Jeez! If that's the one, I'm not sure whether I'd rather people thought I was making it up, than admit I watched it!


----------



## Ash (Sep 22, 2005)

Sigh... Molly Ringwald.

that's the reason I saw this in the cinema


----------



## Gollop (Sep 22, 2005)

Oh my god...YES THATS IT.....man I don't remember it being quite so dodgy....I better keep this unhealthy interest in very crap films to myself! 

Anyway thanks for that sanityassasin. Great minds think alike?

Now I just need to get hold of a copy!


----------



## sanityassassin (Sep 23, 2005)

I've personally never seen it (honest) my other half was forced to watch all kind of crap movies when she was younger and she told me


----------



## Foxbat (Sep 23, 2005)

> Jeez! If that's the one, I'm not sure whether I'd rather people thought I was making it up, than admit I watched it!

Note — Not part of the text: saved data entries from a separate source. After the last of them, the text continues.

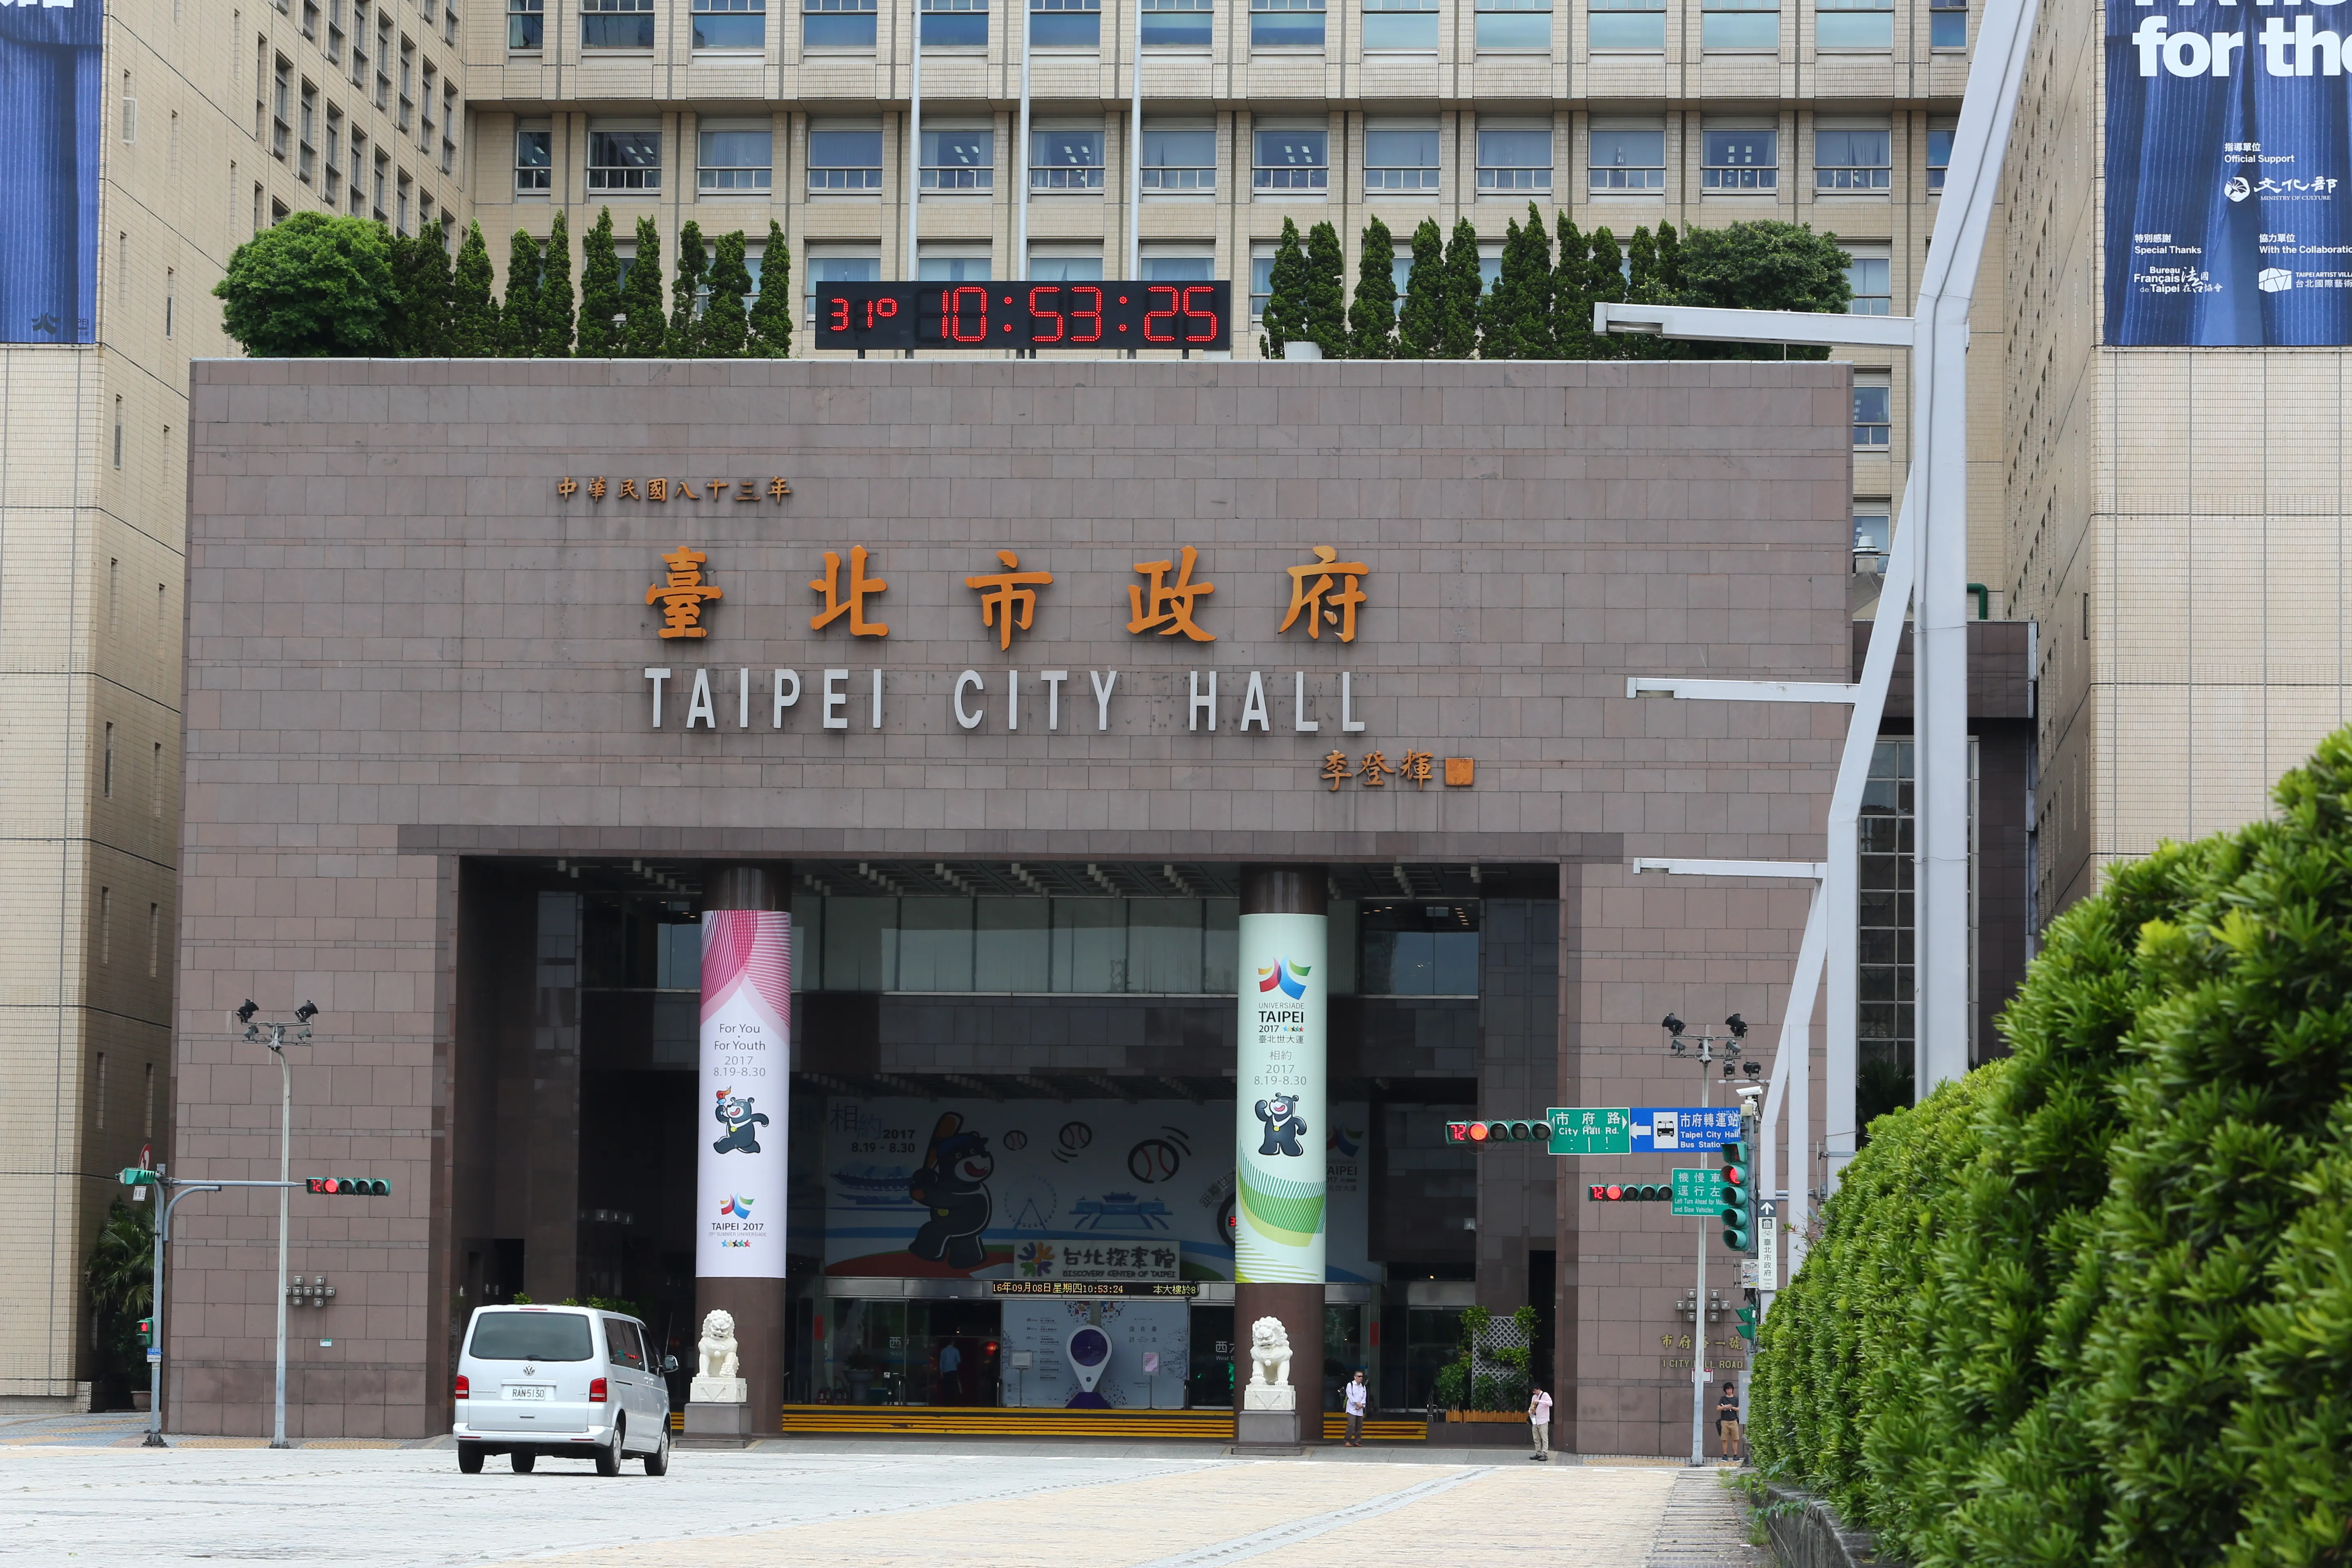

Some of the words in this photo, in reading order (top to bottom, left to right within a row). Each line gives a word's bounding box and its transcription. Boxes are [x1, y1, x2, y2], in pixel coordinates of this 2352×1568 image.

[2132, 15, 2243, 77] for
[2259, 15, 2352, 77] th
[2225, 143, 2261, 152] 指導單位
[2258, 155, 2294, 164] Support
[2254, 176, 2338, 194] 文化部
[2135, 234, 2171, 243] 特別感謝
[2259, 234, 2296, 243] 協力單位
[2135, 246, 2167, 255] Special
[2259, 245, 2280, 254] With
[2282, 245, 2297, 254] the
[2134, 274, 2180, 285] Français
[2150, 284, 2180, 294] Taipei
[942, 286, 1217, 342] 10:53:25
[557, 476, 791, 505] 中華民國八十三年
[645, 545, 1369, 652] 臺北市政府
[645, 668, 882, 729] TAIPEI
[954, 669, 1117, 731] CITY
[1190, 670, 1365, 732] HALL
[1321, 748, 1434, 791] 李登輝
[1258, 1011, 1304, 1022] TAIPEI
[719, 1024, 736, 1033] For
[739, 1024, 760, 1033] You
[1258, 1035, 1304, 1044] 臺北世大運
[715, 1040, 730, 1050] For
[733, 1040, 766, 1050] Youth
[1269, 1050, 1292, 1060] 相約
[725, 1056, 753, 1065] 2017
[713, 1067, 766, 1077] 8.19-8.30
[1266, 1064, 1294, 1074] 2017
[1254, 1076, 1307, 1085] 8.19-8.30
[1556, 1111, 1621, 1125] 市府路
[1680, 1113, 1740, 1127] 市府轉運站
[883, 1129, 915, 1139] 2017
[1450, 1125, 1466, 1140] 72
[1559, 1127, 1578, 1137] City
[1680, 1131, 1703, 1139] Taipei
[1706, 1131, 1721, 1139] City
[852, 1142, 876, 1152] 8.19
[889, 1143, 915, 1153] 8.30
[1678, 1172, 1720, 1183] 機慢車
[311, 1179, 321, 1192] 72
[1592, 1187, 1604, 1199] 72
[1678, 1185, 1720, 1197] 逕行左
[1064, 1246, 1176, 1268] 台北探索館
[1764, 1239, 1772, 1276] 臺北市政府
[1693, 1360, 1715, 1368] LL
[512, 1389, 544, 1398] RAN-5130
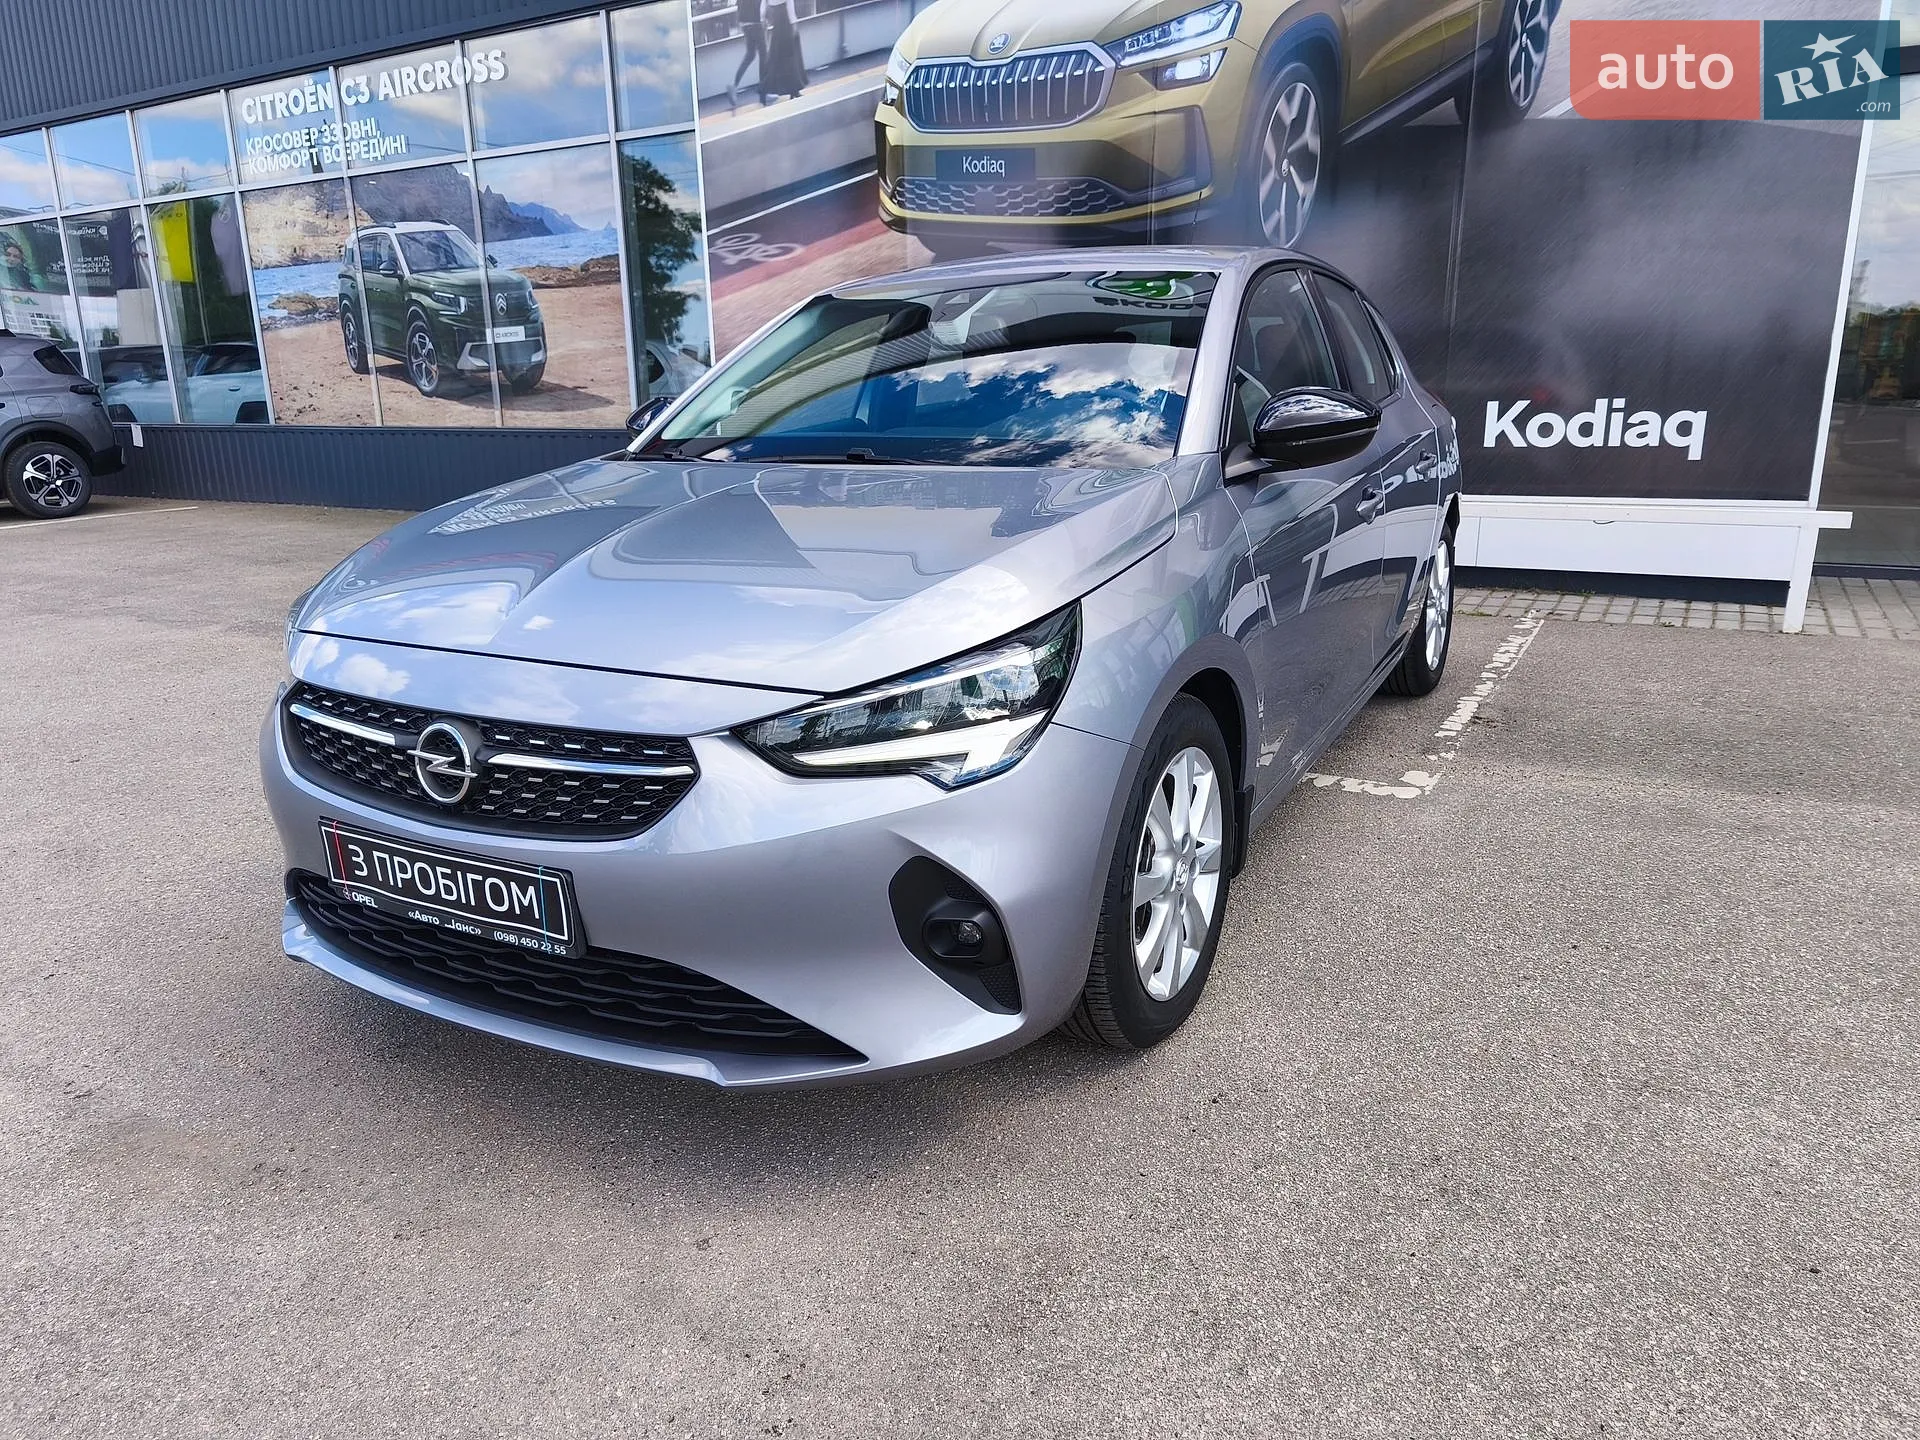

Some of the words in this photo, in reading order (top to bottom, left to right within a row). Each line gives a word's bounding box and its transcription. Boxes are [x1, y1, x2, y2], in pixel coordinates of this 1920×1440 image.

[242, 78, 335, 124] CITROËN
[340, 76, 370, 106] C3
[379, 49, 506, 101] AIRCROSS
[245, 127, 319, 156] КРОСОВЕР
[249, 148, 319, 175] КОМФОРТ
[962, 156, 1006, 178] Kodiaq
[1483, 398, 1708, 461] Kodiaq
[372, 851, 541, 920] ПРОБІГОМ
[352, 892, 379, 908] OPEL
[494, 930, 519, 946] (098)
[520, 937, 538, 948] 450
[554, 945, 567, 955] 55
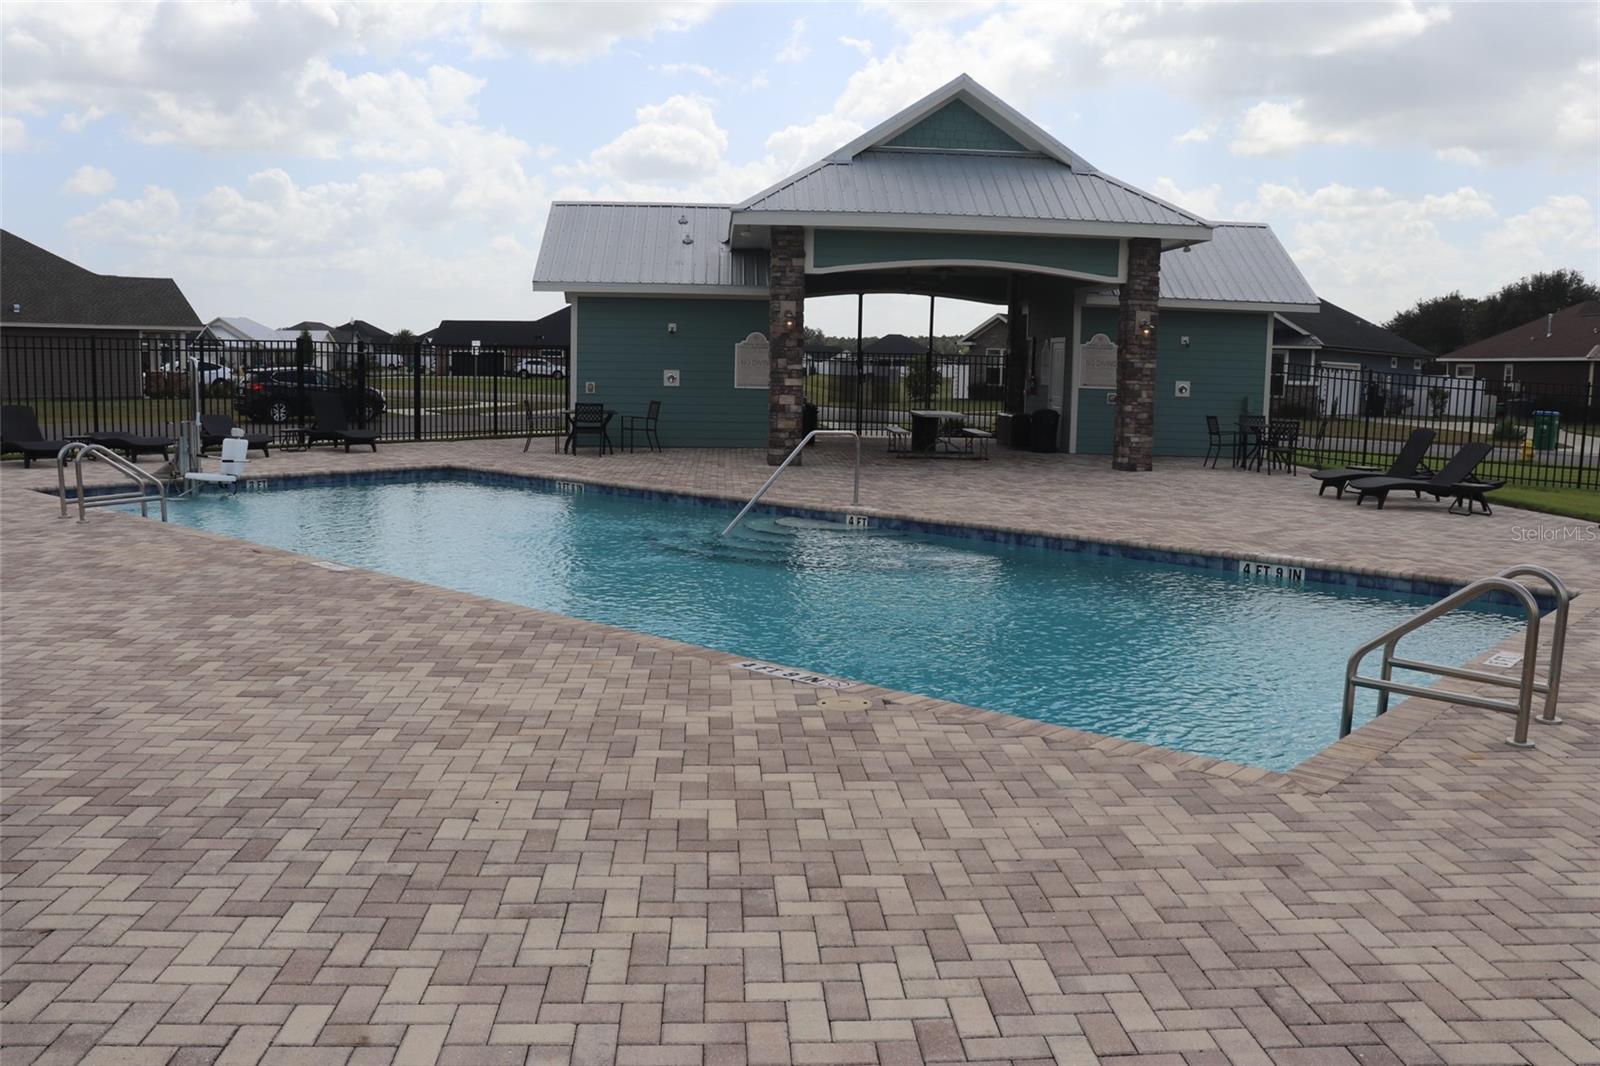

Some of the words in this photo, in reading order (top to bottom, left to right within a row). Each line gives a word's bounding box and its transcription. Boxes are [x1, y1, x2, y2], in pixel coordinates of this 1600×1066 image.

[848, 515, 854, 525] 4
[857, 516, 867, 527] FT
[1243, 563, 1251, 575] 4
[1256, 564, 1270, 577] FT
[1276, 567, 1283, 578] 9
[1289, 568, 1302, 580] IN

 Hmm. I don't know though -  it looks like my kind of film. Nothing like a bottle of wine and a bad movie on a cold winter's night


----------



## The Master™ (Sep 24, 2005)

I only watched it a couple of times, when I was going through my "watching anything with Michael Ironside in" phase:

Spacehunter: Adventures in the Forbidden Zone (1983)
Michael Ironside ....  Overdog/McNab, Mutant Ruler

My god it was so bad, that you needed several drinks!!!


----------



## skoopy12 (Sep 26, 2005)

i know this is sad but this film was one of the first films i ever brought it was on special offer you have to spend your pocket money on some thing back then


----------



## sanityassassin (Sep 26, 2005)

skoopy12 said:
			
		

> i know this is sad but this film was one of the first films i ever brought it was on special offer you have to spend your pocket money on some thing back then



never be ashamed of likeing dodgy films or books everybody has some skeletons in there movie closet don't we?


----------



## dwndrgn (Sep 26, 2005)

Hey, I enjoy a little cheese with my wine too *grin*.  I've seen it and it is splendid cinema compared to Cherry 2000 *even bigger grin*


----------